■ Annotated photo localization data:
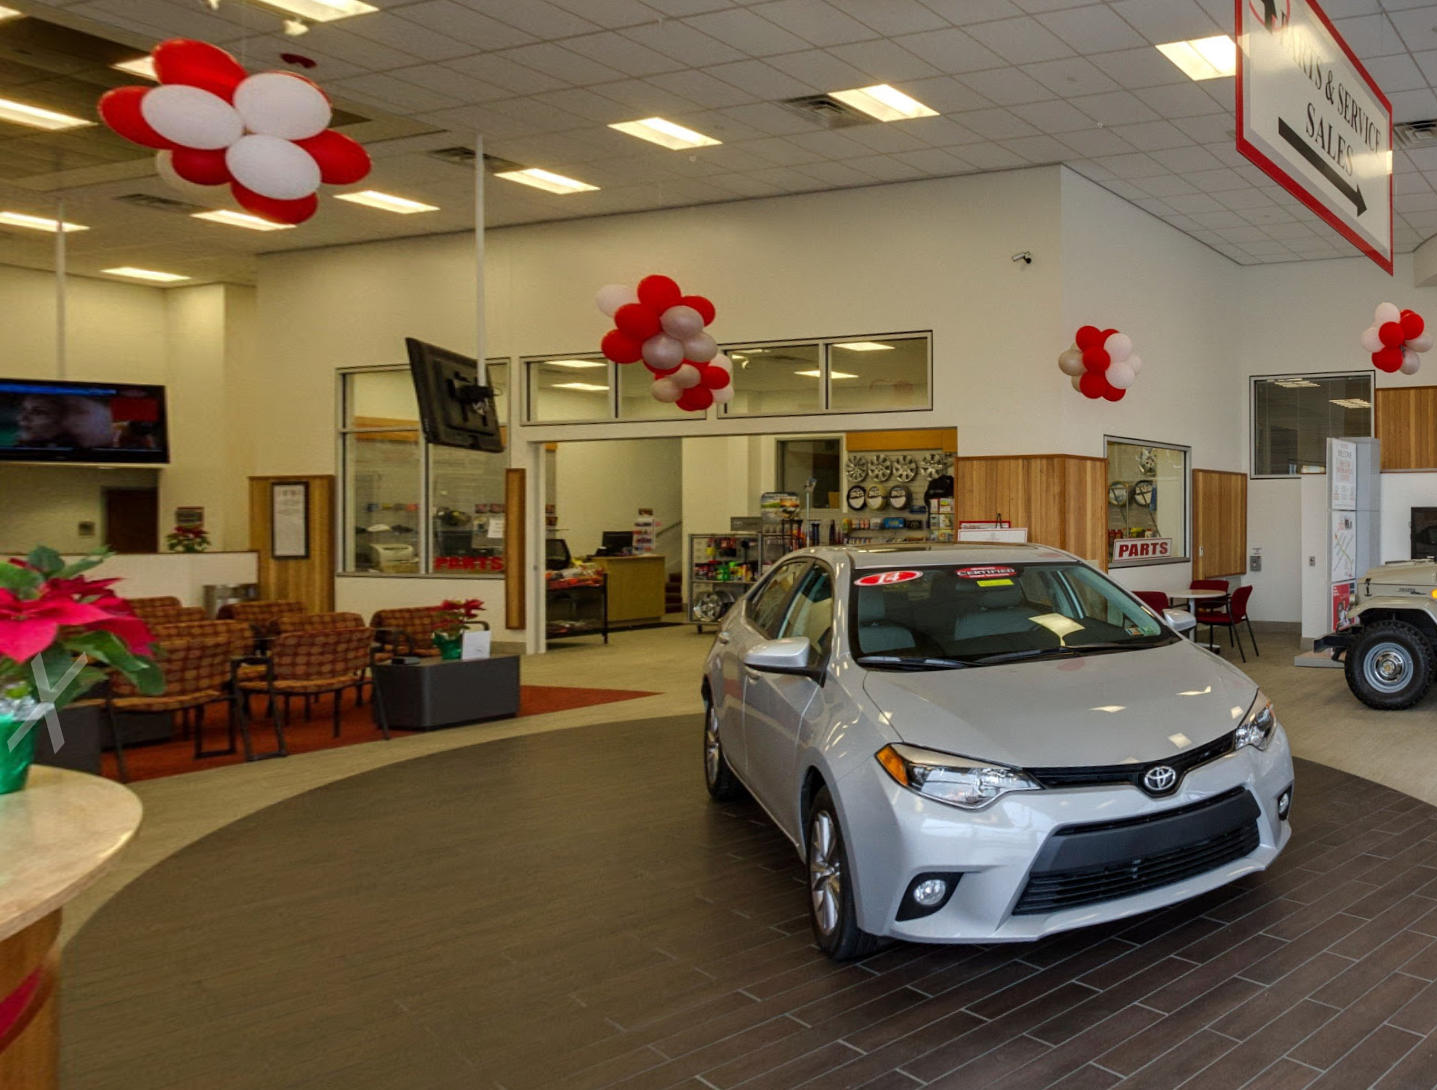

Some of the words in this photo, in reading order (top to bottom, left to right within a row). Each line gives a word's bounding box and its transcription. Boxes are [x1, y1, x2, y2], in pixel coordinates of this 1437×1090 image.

[1325, 70, 1335, 105] &
[1337, 83, 1381, 155] SERVICE
[1306, 102, 1354, 176] SALES
[433, 555, 504, 571] PARTS
[1118, 541, 1169, 558] PARTS
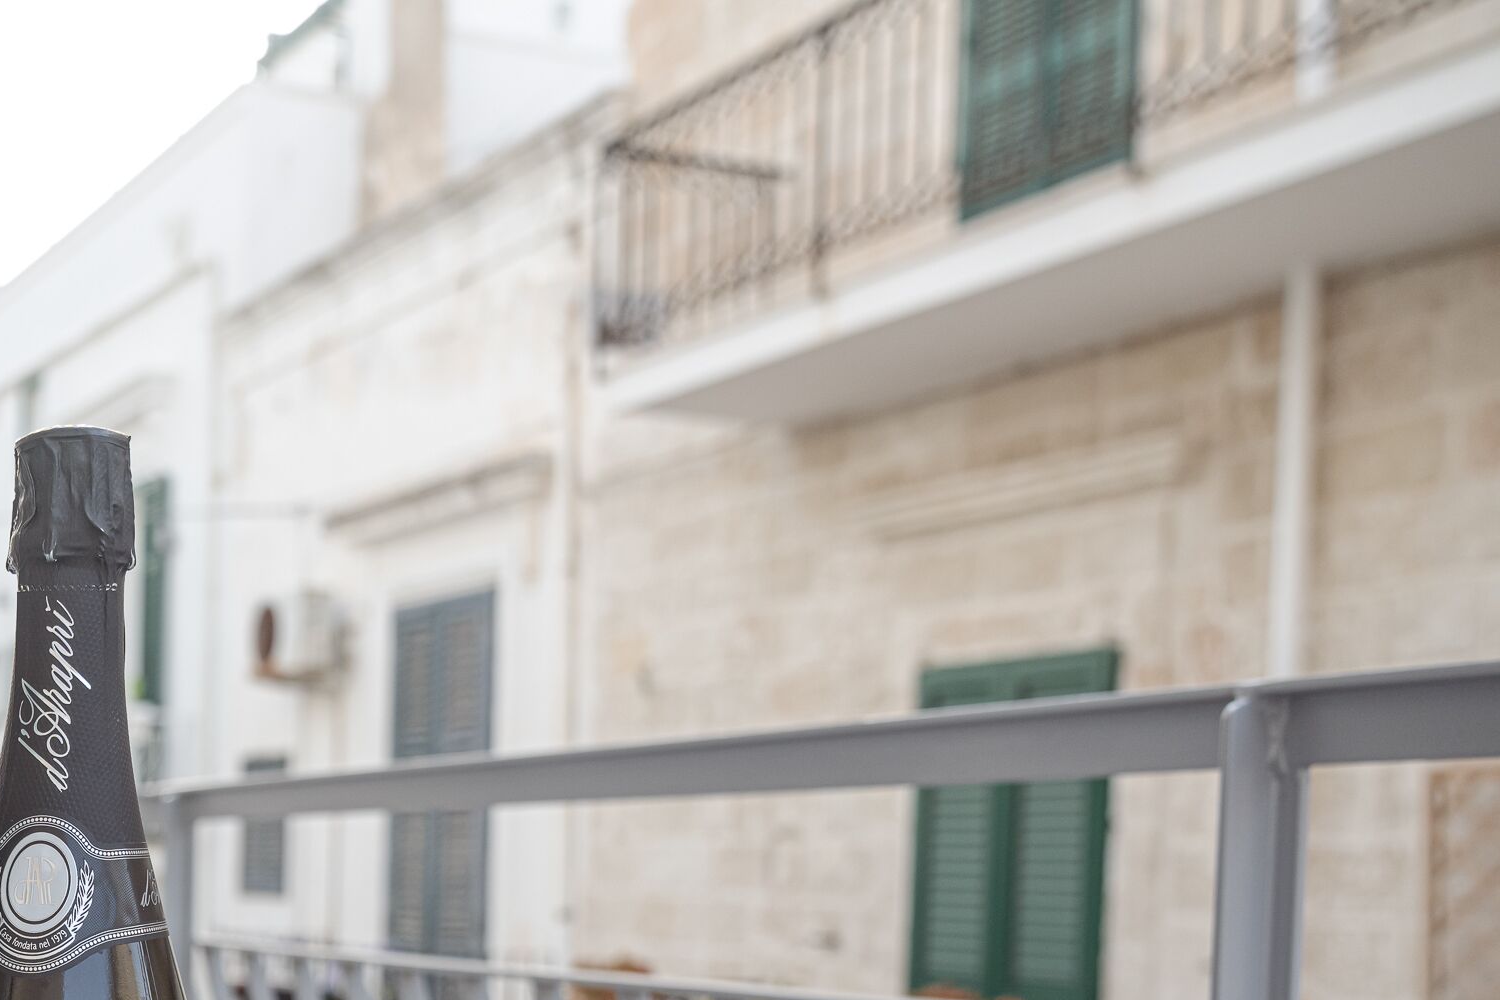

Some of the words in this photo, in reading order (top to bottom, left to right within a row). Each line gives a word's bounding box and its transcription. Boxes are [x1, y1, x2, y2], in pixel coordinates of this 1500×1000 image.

■ Exercise requirements:
Return every entry above word for word, and include no images.

■ Answer to the exercise:
Some of the words in this photo, in reading order (top to bottom, left to right within a row). Each line gives a word's bounding box and its transcription. Boxes are [x1, y1, x2, y2], in pixel coordinates of this 1437×1090 image.

[1325, 70, 1335, 105] &
[1337, 83, 1381, 155] SERVICE
[1306, 102, 1354, 176] SALES
[433, 555, 504, 571] PARTS
[1118, 541, 1169, 558] PARTS

Some of the words in this photo, in reading order (top to bottom, left to right within a row). Each line gives a word's bounding box and its transcription. Boxes are [x1, y1, x2, y2], in pixel coordinates of this 1500×1000 image.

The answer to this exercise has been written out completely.